I'm wondering how you came to this conclusion. I realize I don't speak for all INFJ's, but what strikes me about this conclusion is just how perfectly opposite it is from how I think and interact socially. Fwiw I will speak from how I think and then attempt to relate a sense of MBTI theory to be relevant to more than one individual.

There is definitely a social disconnect issue for me, but I find it results more from too much ability to adapt to different communication styles. It is difficult to internalize normalized communication and behaviors. I am more comfortable communicating with people outside the norm because it starts with a clean slate. I work with special needs students and can learn a wide range of communication styles, and so am generally less offended by others based on differences in communication. This does not generally put people at ease who operate from normalized social assumptions. I cannot play the subtle games required for interaction - especially in romantic interactions. I think people don't know how to approach me, and they don't know what to say because I can't talk about fashion, sports, or most ritualized topics.

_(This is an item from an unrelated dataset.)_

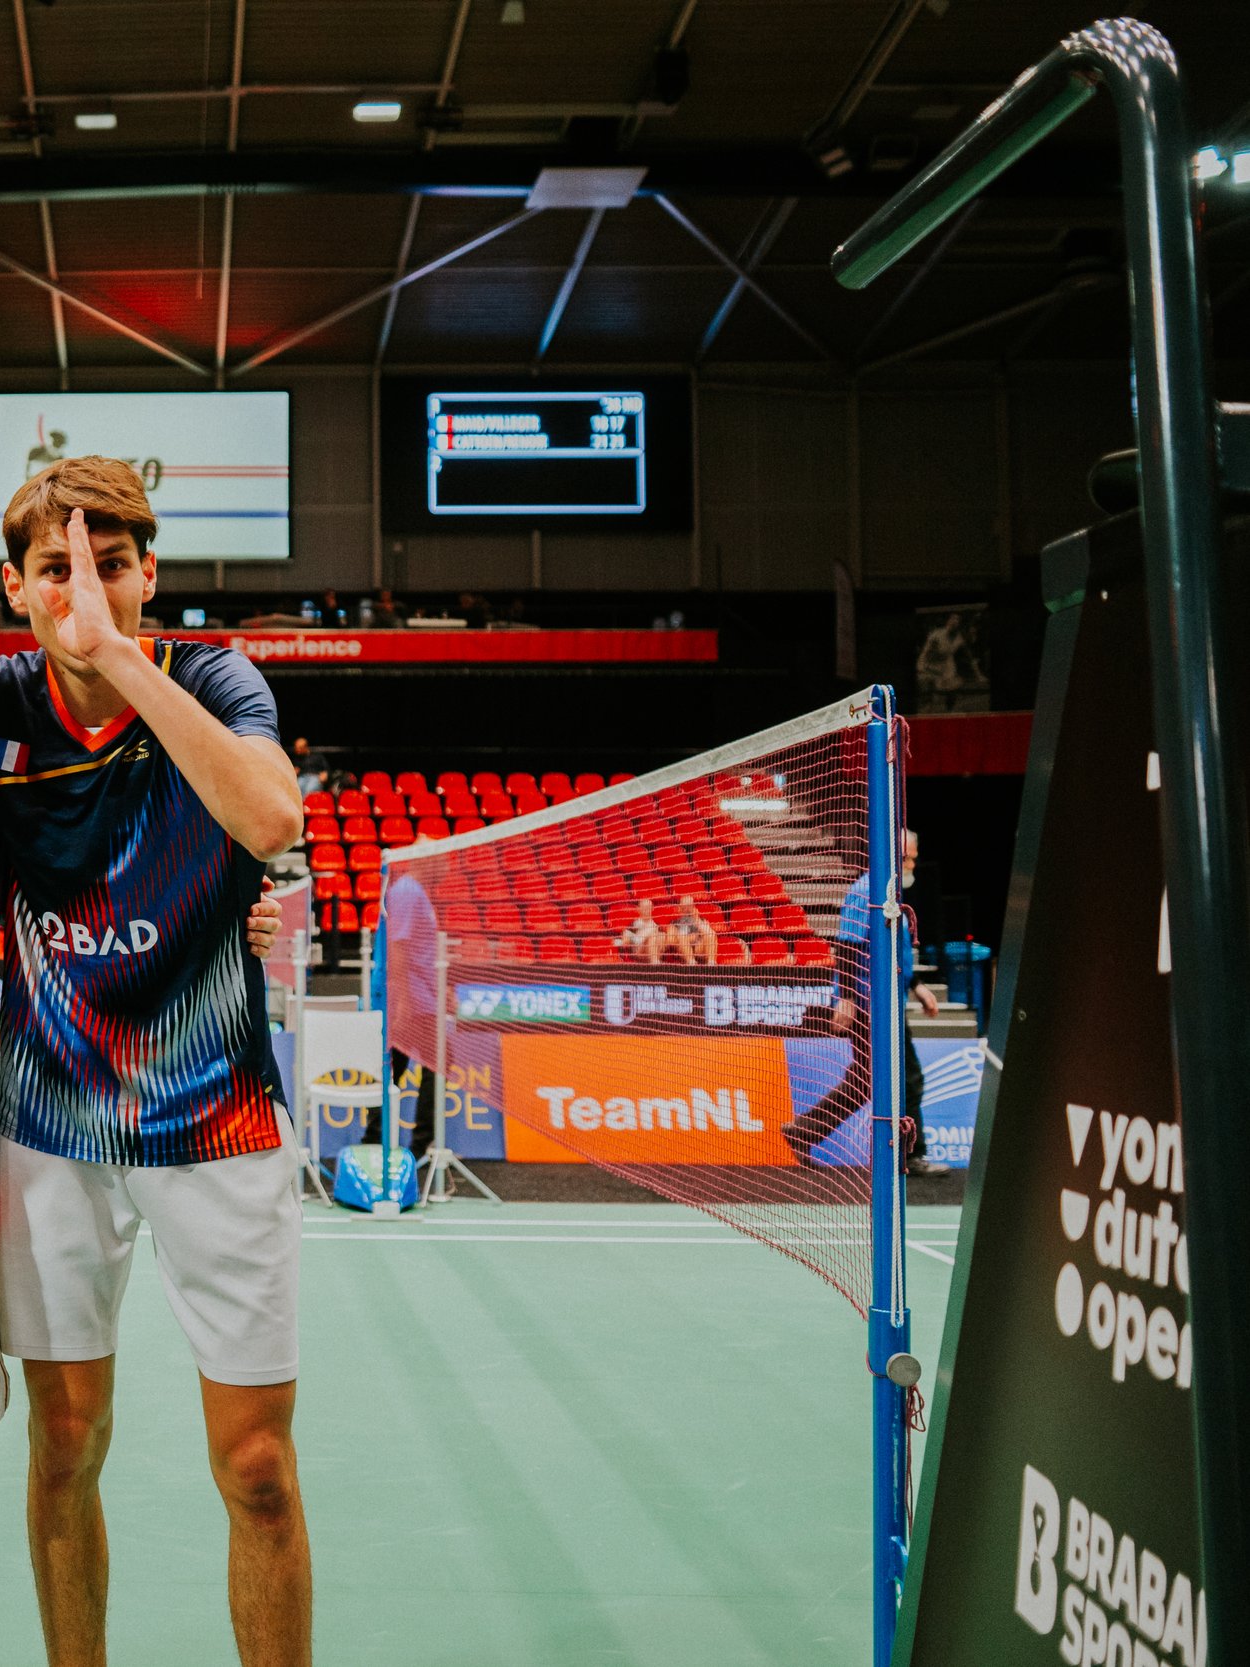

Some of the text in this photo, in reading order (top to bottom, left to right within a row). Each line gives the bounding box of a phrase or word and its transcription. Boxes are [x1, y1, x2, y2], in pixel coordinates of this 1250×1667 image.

[230, 635, 362, 660] Experience
[508, 991, 581, 1017] YONEX
[536, 1087, 763, 1132] TeamNL
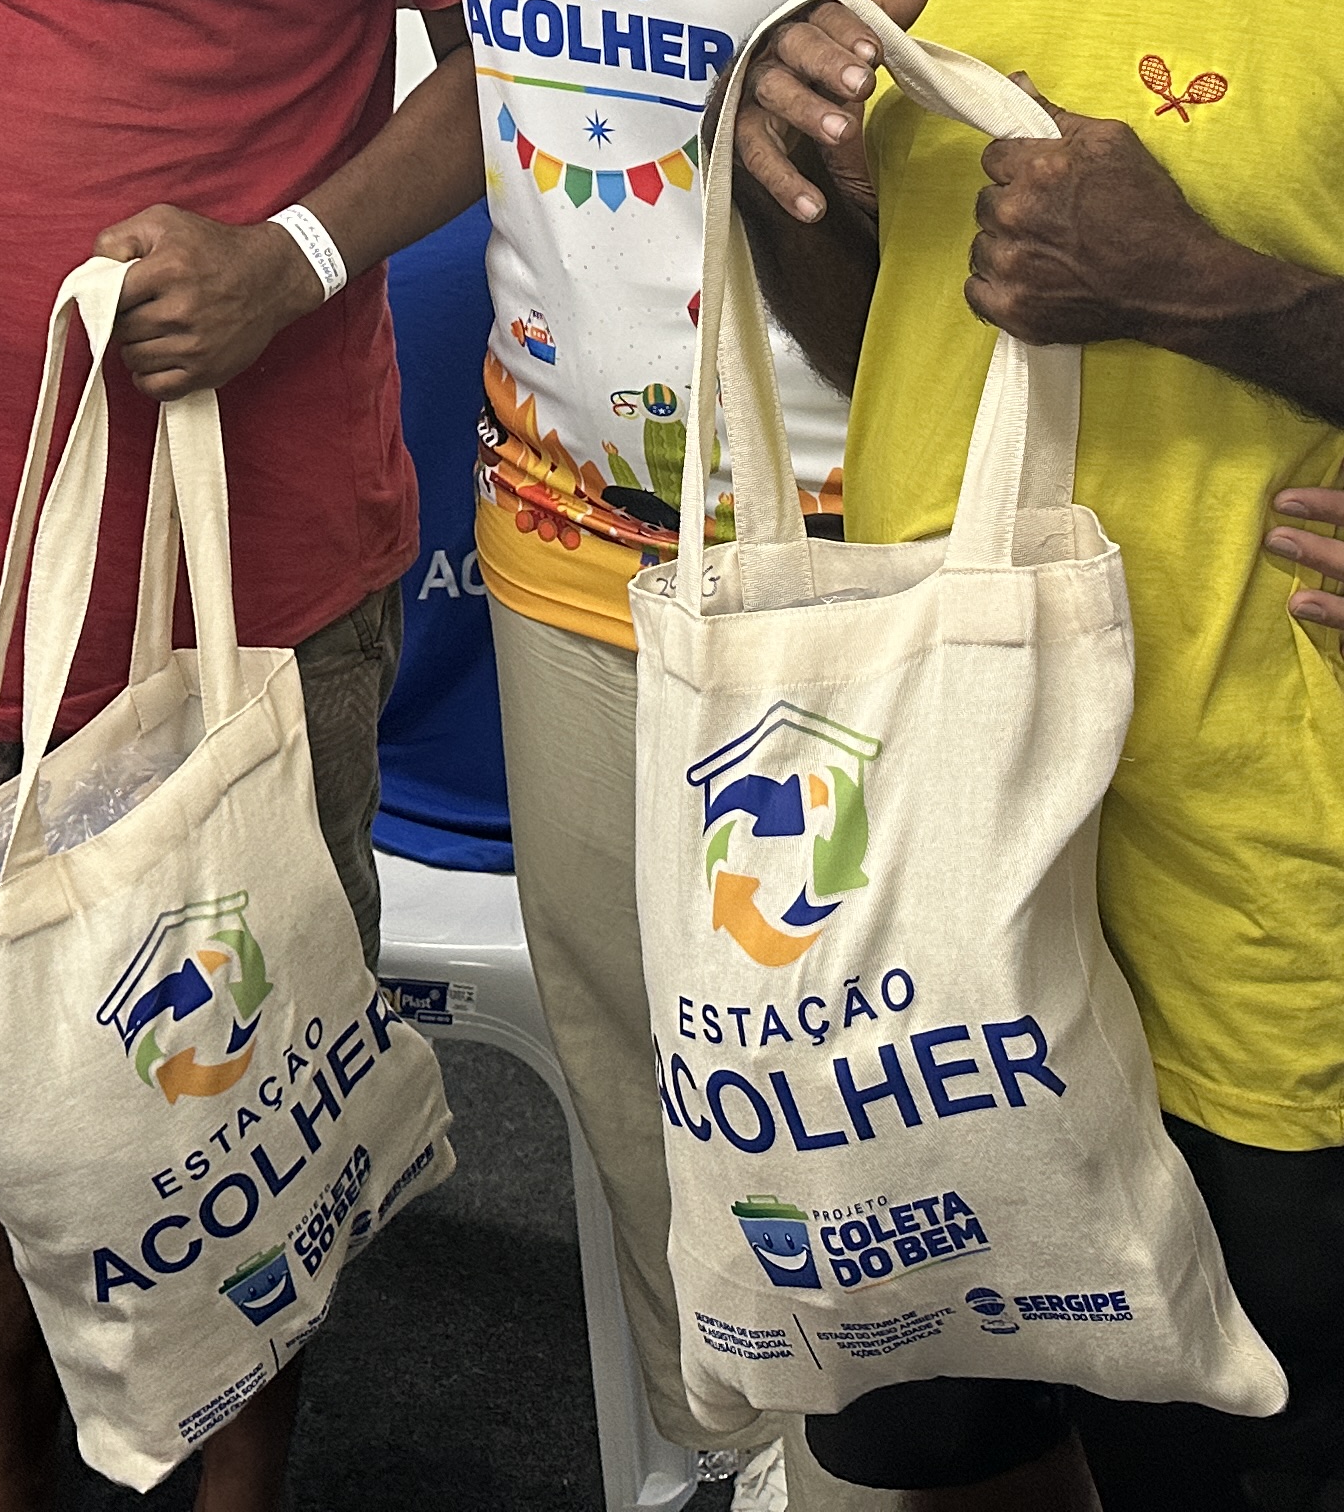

I smile at people and am known for being accepting, but still that doesn't result in people approaching me. I have no protocols for people to follow, and my main issue with interaction is to maintain a sense of my own desires, needs, expectations, because I can sincerely not be able to articulate what these are. I can get easily confused socially because I don't think in terms of a single system. There are so many systems occurring that I have to understand far more in order to reach a conclusion than people who operate from a single set of assumptions.

This is my MBTI hypothesis about how INFJ could operate in a generalized manner. Ni causes people to have abstract, core concepts about how the universe works and can apply these in a fluid and ever changing manner depending on context, so understanding the INJ's perspective would necessitate having an understanding of their core assumptions. Fe is an externalized sense of subjective systems and so there is not an internalized, personal expectation about one form of communication or interaction. Fe is the social application which is filtered through some fluid core concept. This would not be detailed and systematic, but much more fluid. It would not be something representing rigid protocol.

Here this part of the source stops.